Another newcomer is the 207-room Radisson Blu Hotel in Durban’s Oceans Umhlanga development, developed by the Edison Group’s founder Vivian Reddy. It’s anticipated to open its doors in 2019. Designed as an urban resort, the high-end complex will feature 460 luxury apartments and a 33,000m2 shopping mall with leading international brands.
What’s driving the trend? “A number of factors,” comments Troughton. “Developers in South Africa are often in possession of development rights for the most prime real estate in the business areas of the country, which means that hotel operators typically have to deal with property developers as opposed to traditional hotel investors,” he explains. “Both the power of the developer and a historical lack of international brand penetration in the South African market have resulted in hotel management companies (especially those with limited or no presence in the market), developing more flexibility in order to achieve a strong brand presence. These factors have brought developers and hotel operators closer together,” he says. “Additionally, developers and owners have achieved a much greater understanding of hotel operations and the high yields that can be achieved through investment with management contracts. They’ve also become more sophisticated in the negotiation of contract terms, often with the help of specialist advisory firms.”

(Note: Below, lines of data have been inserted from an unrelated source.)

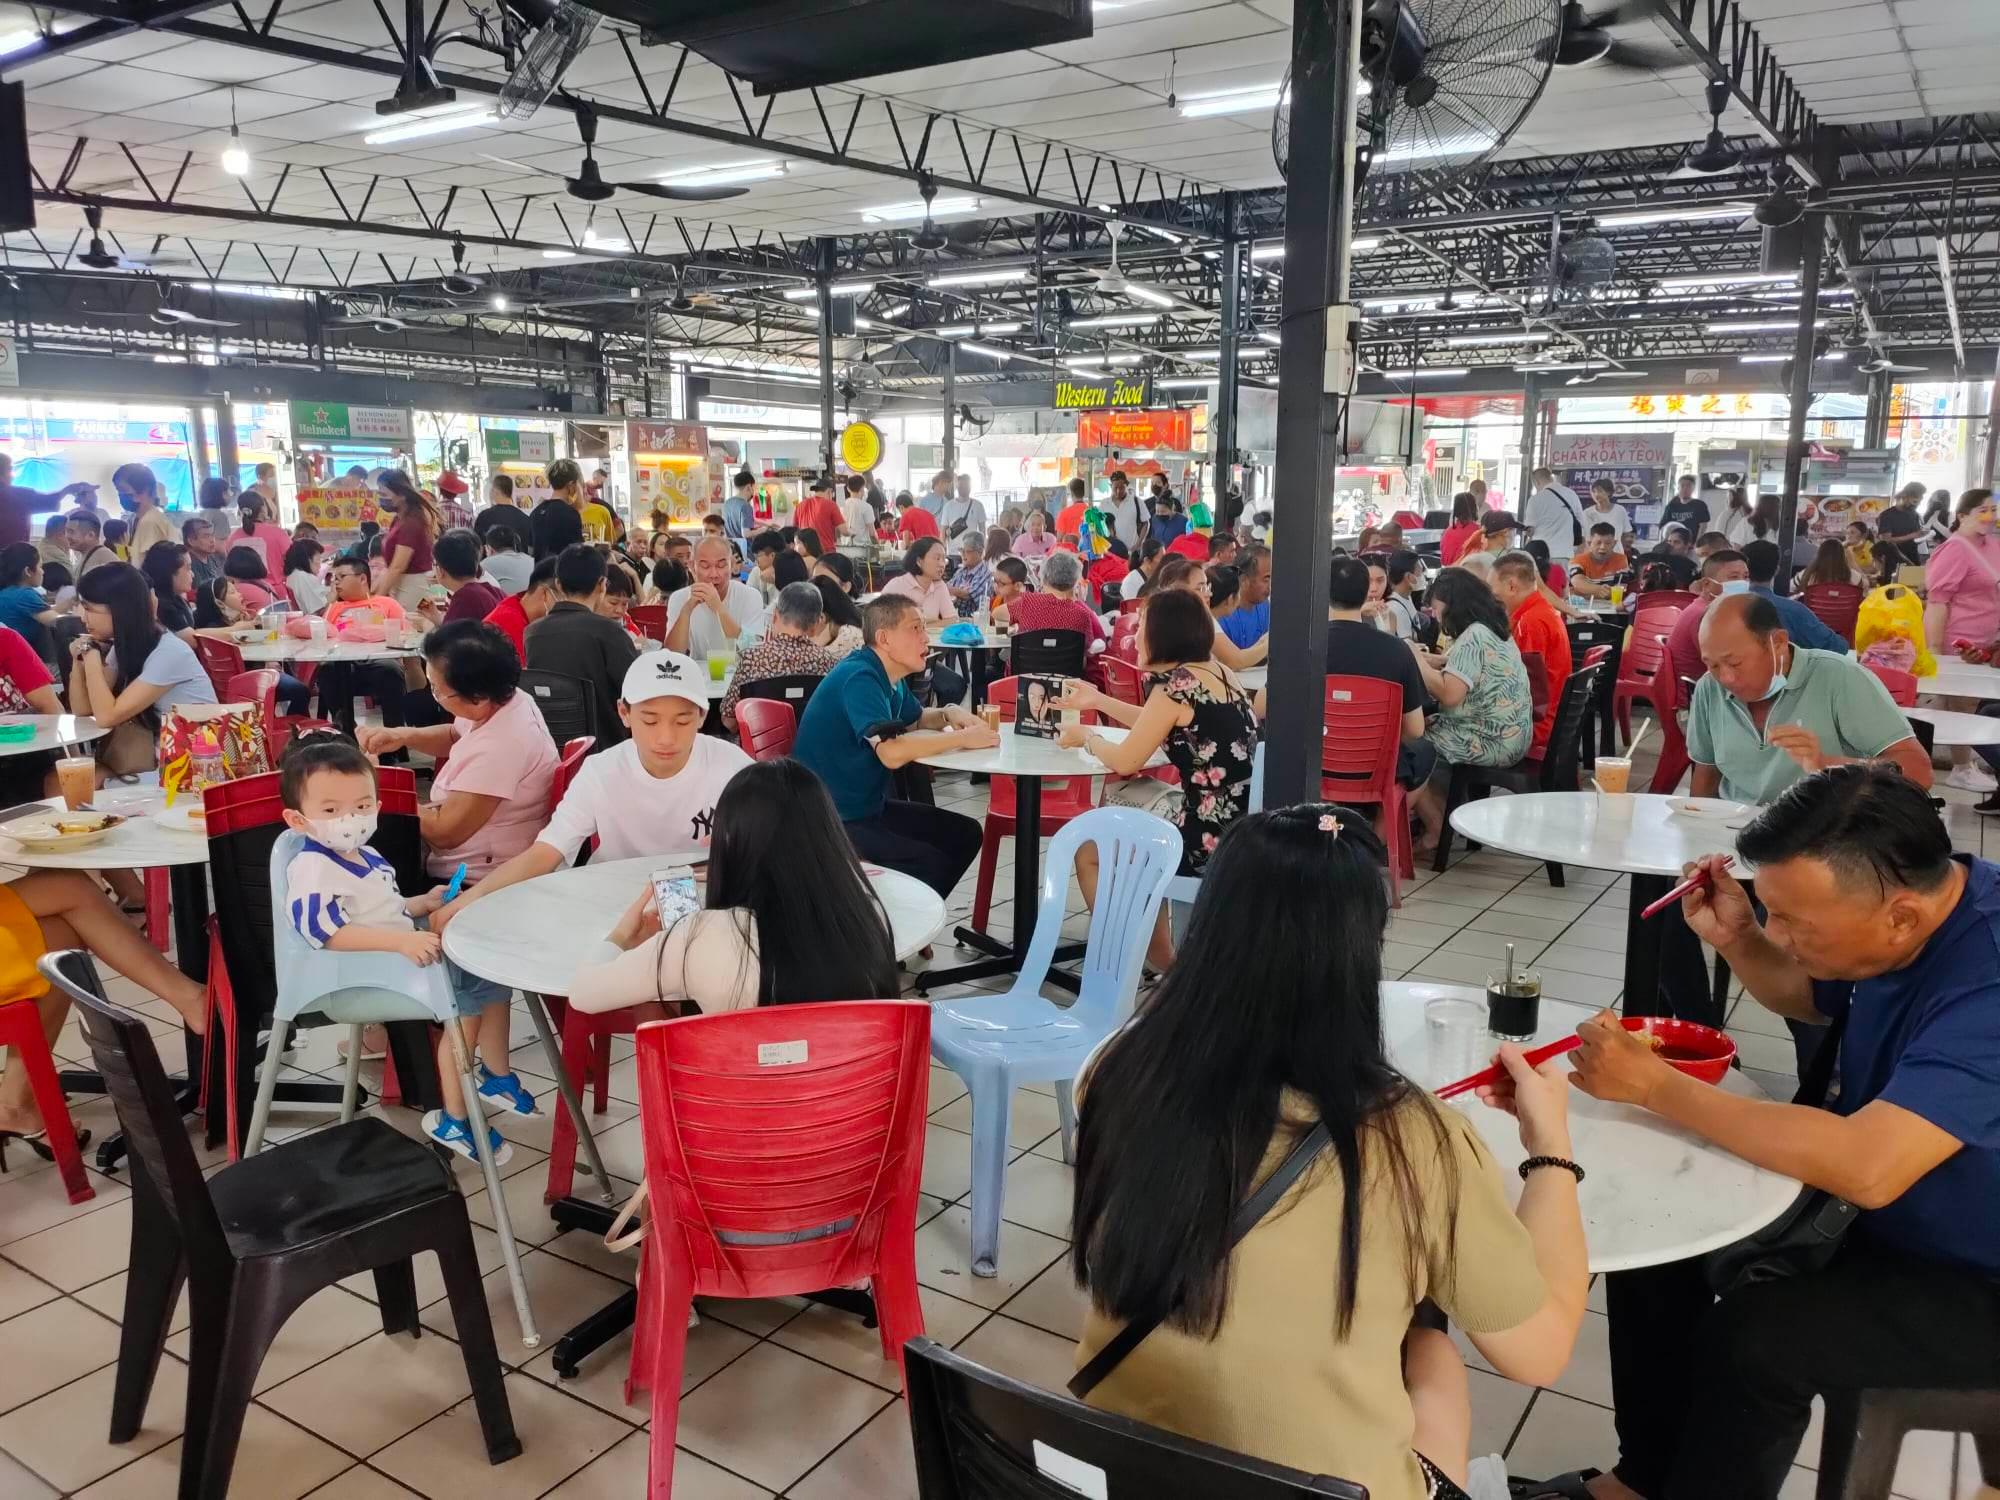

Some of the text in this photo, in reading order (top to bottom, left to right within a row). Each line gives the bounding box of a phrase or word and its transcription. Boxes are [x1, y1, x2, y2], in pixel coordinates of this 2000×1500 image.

[1056, 380, 1145, 407] Western Food
[299, 423, 346, 436] Heineken
[1553, 449, 1665, 464] CHAR KOAY TEOW
[656, 673, 682, 681] adidas
[691, 806, 716, 840] NY
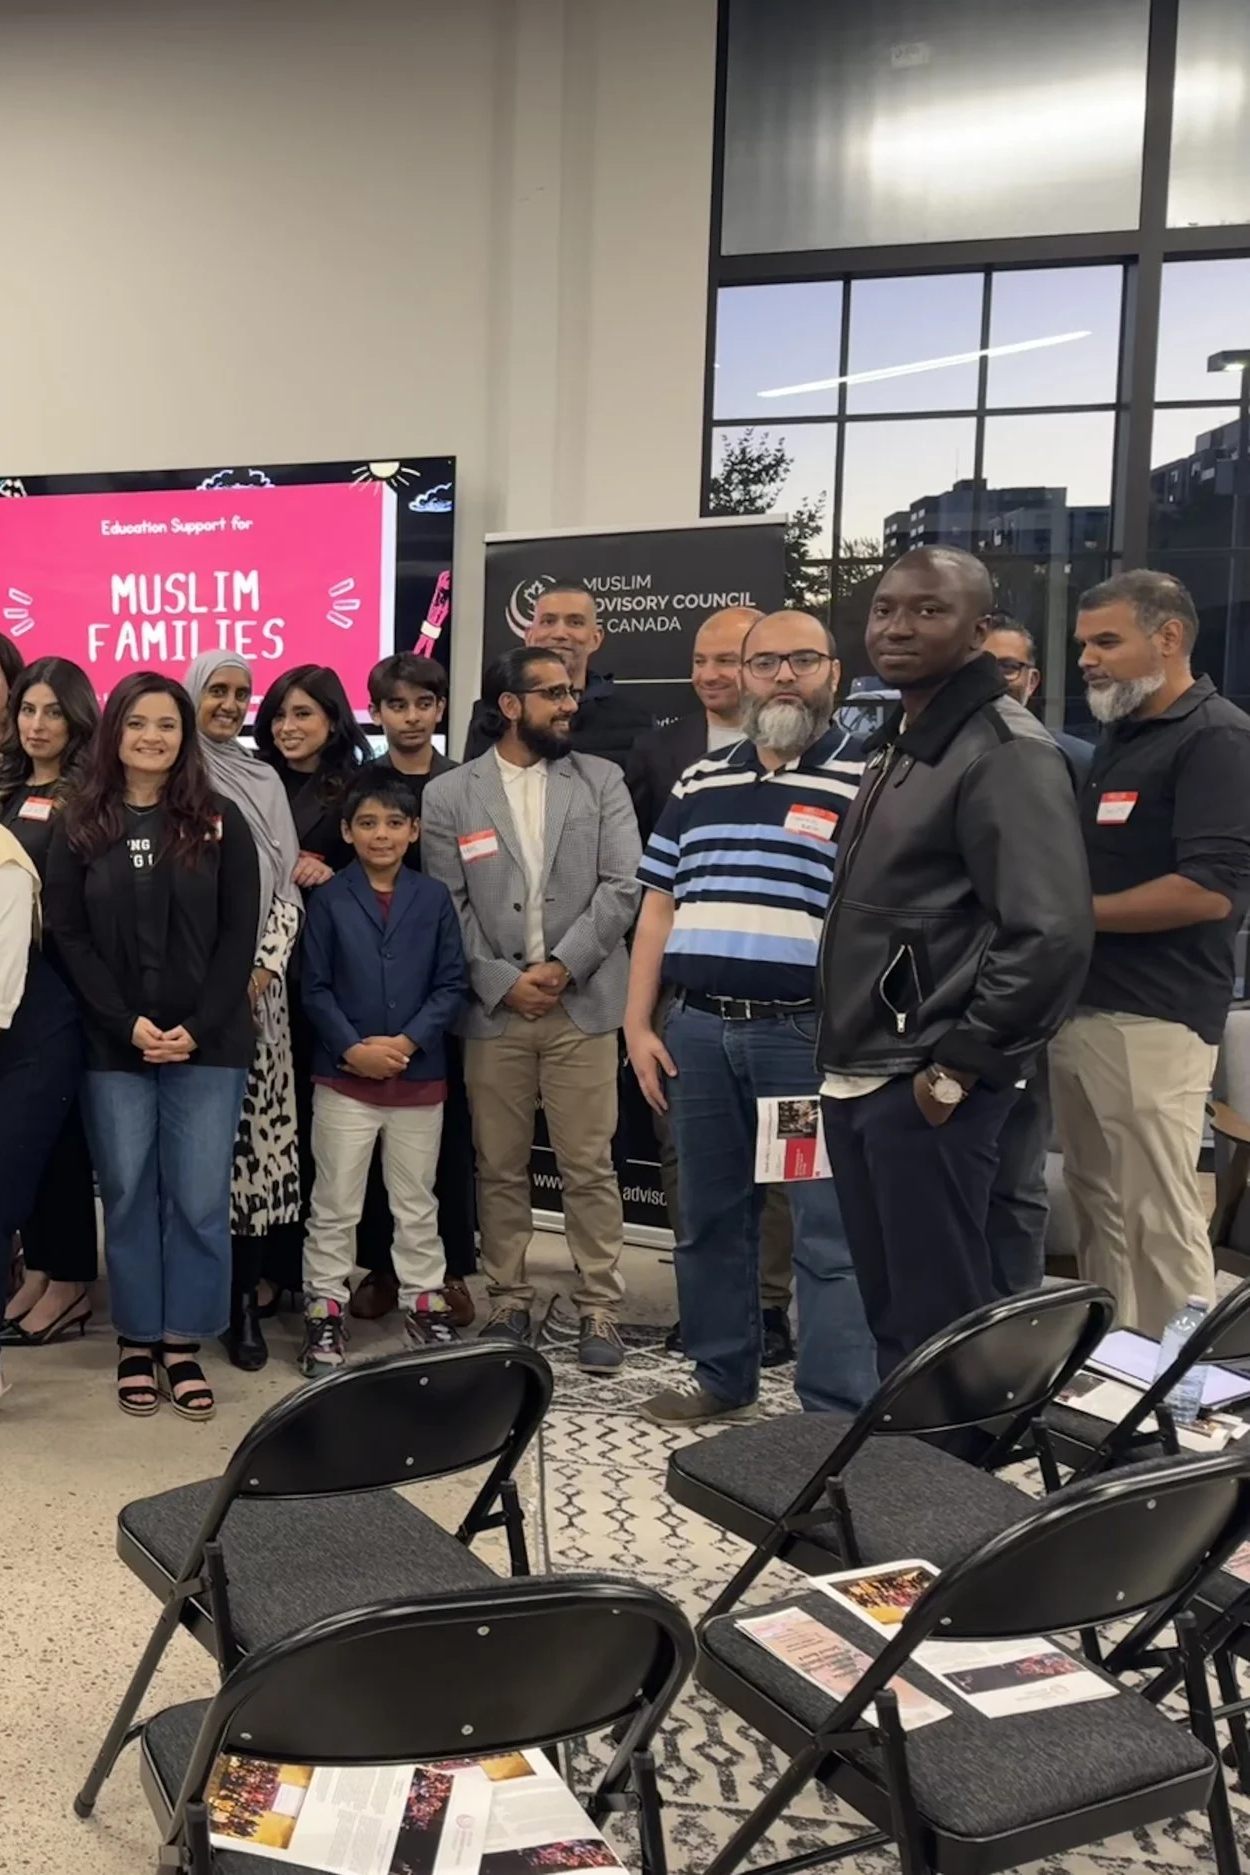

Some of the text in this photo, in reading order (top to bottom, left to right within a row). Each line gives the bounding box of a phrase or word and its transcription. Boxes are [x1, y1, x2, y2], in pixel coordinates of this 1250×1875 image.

[101, 515, 253, 535] Education Support for
[111, 570, 260, 615] MUSLIM
[583, 574, 652, 592] MUSLIM
[596, 592, 756, 613] DVISORY COUNCIL
[607, 616, 681, 633] CANADA
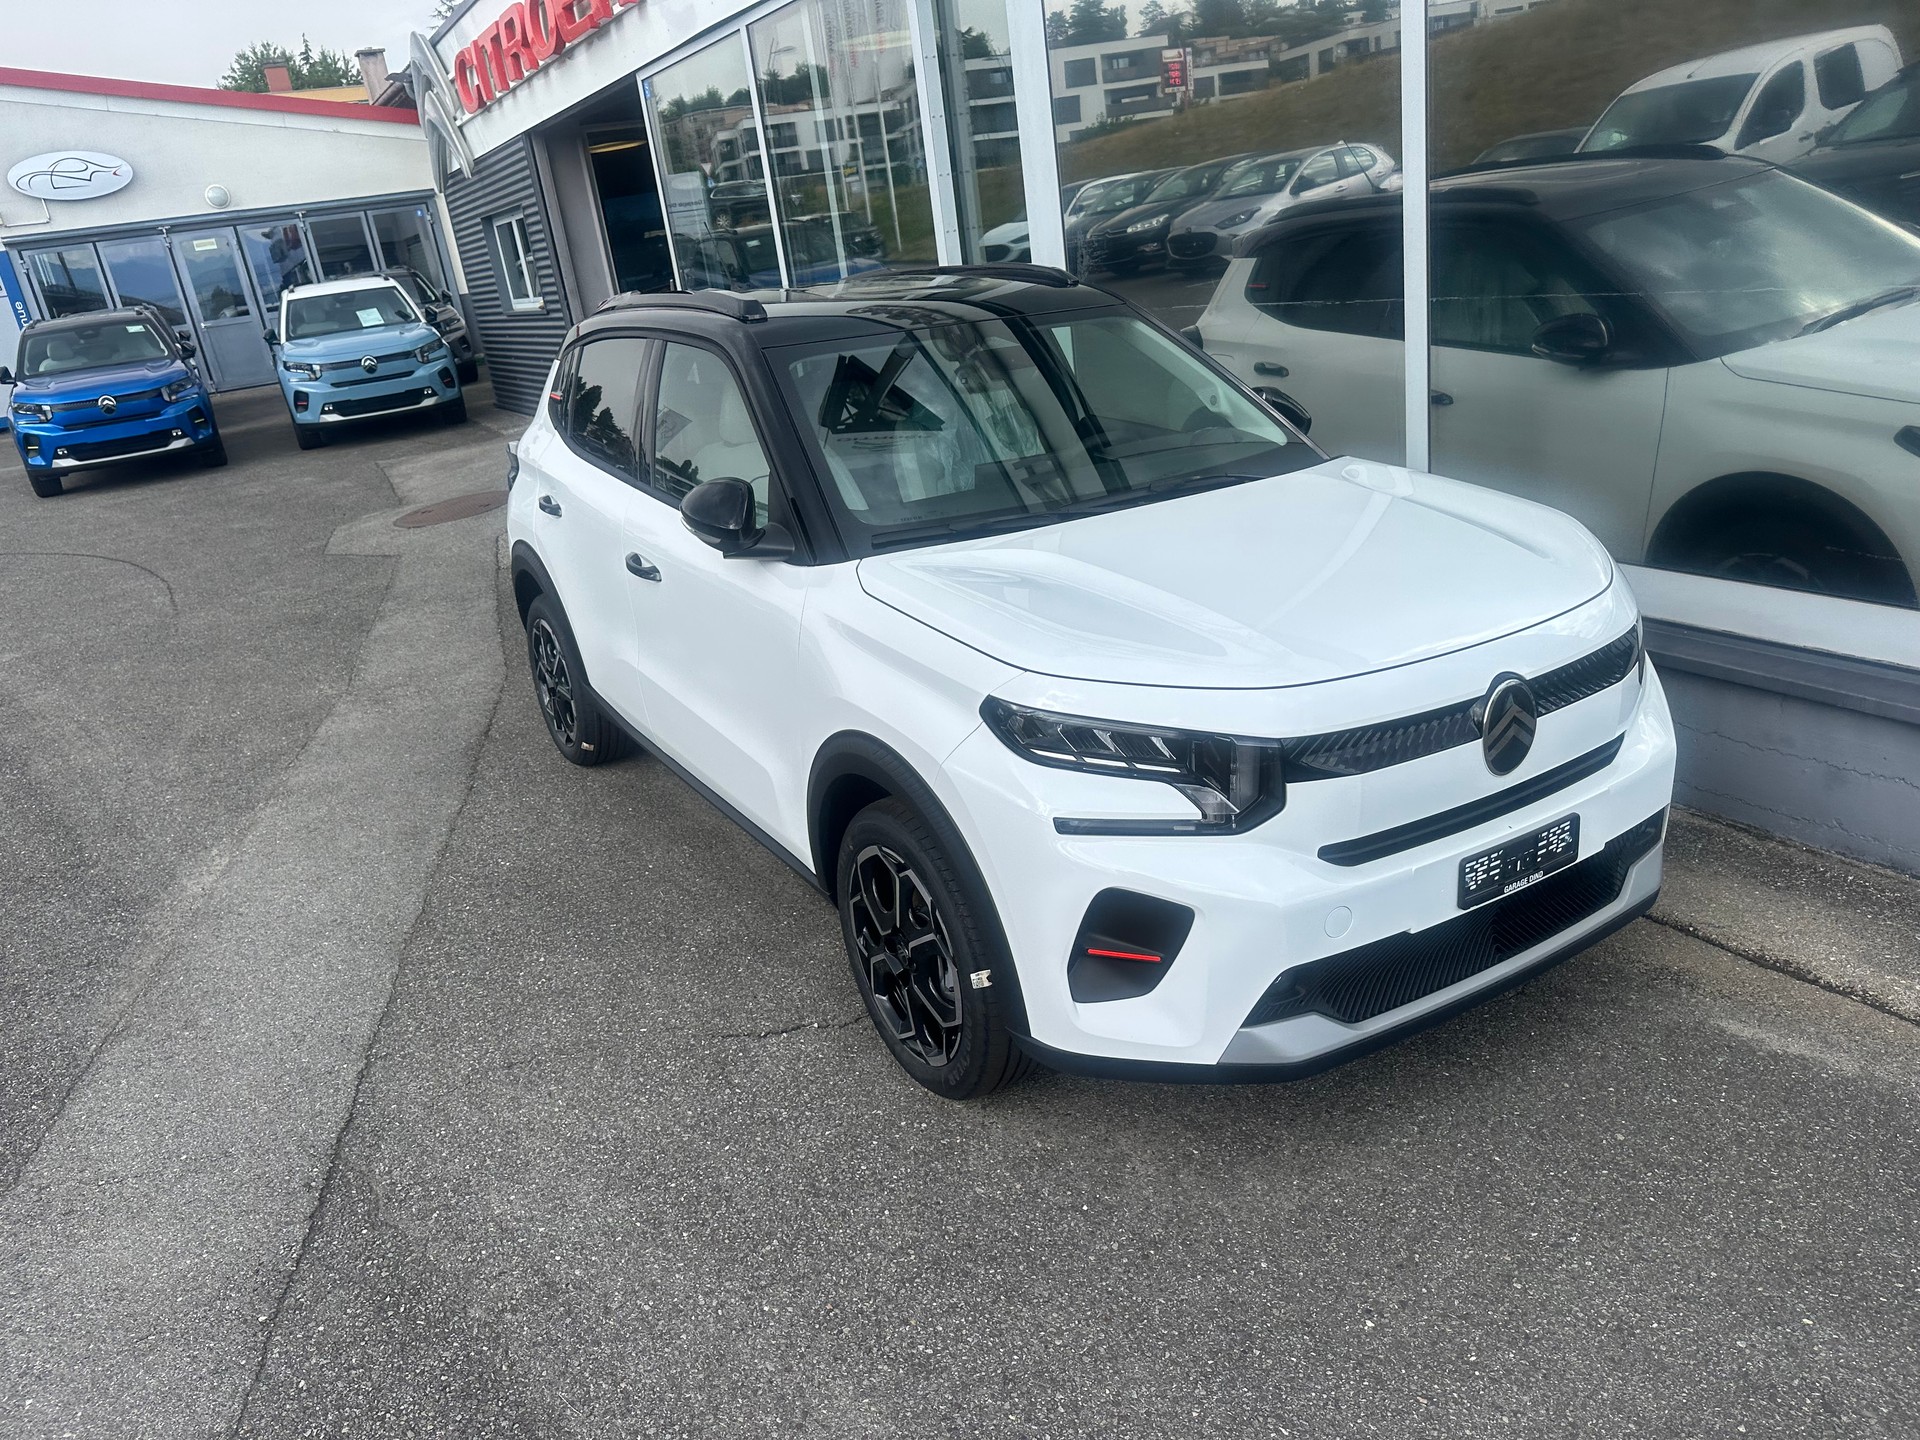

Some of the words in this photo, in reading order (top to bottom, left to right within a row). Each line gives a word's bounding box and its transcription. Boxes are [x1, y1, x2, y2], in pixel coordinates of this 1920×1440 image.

“The recent entry of several major international hotel brands into South Africa has begun to bring more developers into the hotel fray,” continues Troughton, “with classic hotel management contracts changing toward more ‘hybrid contracts’ that attune the individual needs and risk appetites of the parties and provide some downside financial protection, thereby giving comfort to investors, developers and banks.”
“Added to this,” he explains, “ we understand that the real estate market is cyclical by nature. Different stages of the market cycle presenting different levels of opportunities and risk. In the last few years, SA’s sluggish economy, rand weakness and muted GDP growth have made operating conditions difficult with more traditional assets such as office and industrial often not performing as well in terms of yields,” he says. “This downturn in traditional real estate has resulted in less speculative investment and an upturn in the hospitality market, with a promise of greater yields driven by increased tourism growth and supported by the weak rand and the lack of hotel development in the market in the last 5 years.”
“The opportunity to spread risk by having investment revenue flow through multiple revenue streams and the ability to achieve a nicely balanced ratio of variable to fixed cash flows – as well as from diversified market sectors like hotel, office and retail – is also appealing,” Troughton explains. “Research also reveals that a hotel can boost revenue by 15 – 20% if attached to a shopping or retail centre. Integrated retail and hotel developments can take advantage of the essential ‘critical mass’ that leads to greater consumer convenience through one-stop shopping, dining and entertainment,” he says. “Reduced traffic congestion and greater cost-effectiveness through shared resources such as parking, landscaping and common areas provide further incentives.”
“The growing mixed-use development trend is one that’s being replicated in other African cities,” he states. “Big developers and hotel operators have also joined forces in Nairobi, Accra, Lagos, Dar es Salaam and Maputo,” comments Troughton. “Such relationships can only bode well for the hospitality sector across the continent as the combination of world class development with world class brands take the supply of hotels to a new level.”